◆ Exercise objective ◆
For every record that follows, transcribe the text exactly and leave any image out.

=== Extracted entries ===

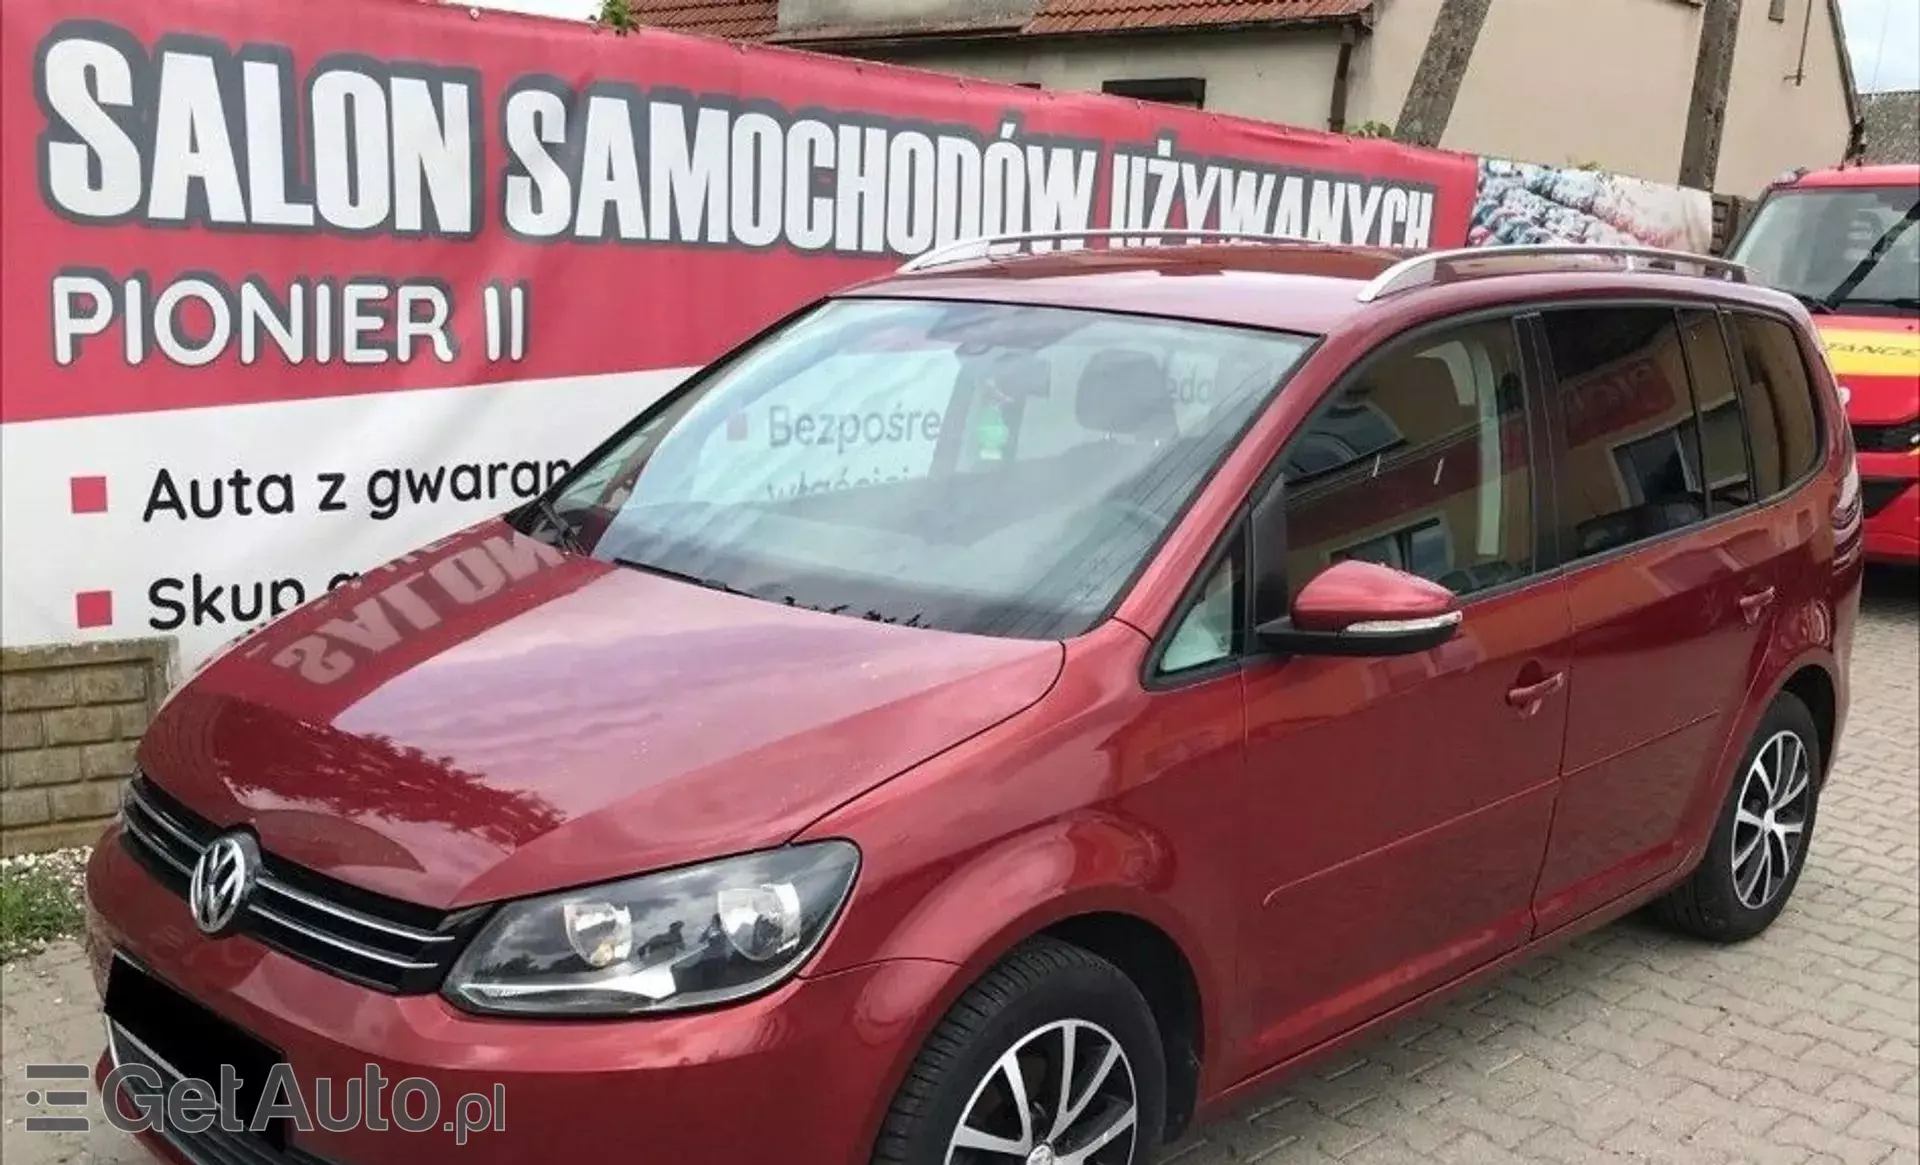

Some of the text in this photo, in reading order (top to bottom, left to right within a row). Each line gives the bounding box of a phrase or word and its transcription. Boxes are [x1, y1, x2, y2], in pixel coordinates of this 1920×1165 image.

[44, 38, 1434, 256] SALON SAMOCHODÓW UŻYWANYCH
[52, 275, 523, 366] PIONIER II
[768, 403, 942, 455] Bezpośre
[142, 467, 294, 522] Auta
[317, 471, 346, 511] z
[148, 573, 306, 630] Skup

===

◆ Answer section ◆
Some of the text in this photo, in reading order (top to bottom, left to right within a row). Each line gives the bounding box of a phrase or word and its transcription. Boxes are [x1, y1, x2, y2], in pixel coordinates of this 1920×1165 image.

[44, 38, 1434, 256] SALON SAMOCHODÓW UŻYWANYCH
[52, 275, 523, 366] PIONIER II
[768, 403, 942, 455] Bezpośre
[142, 467, 294, 522] Auta
[317, 471, 346, 511] z
[148, 573, 306, 630] Skup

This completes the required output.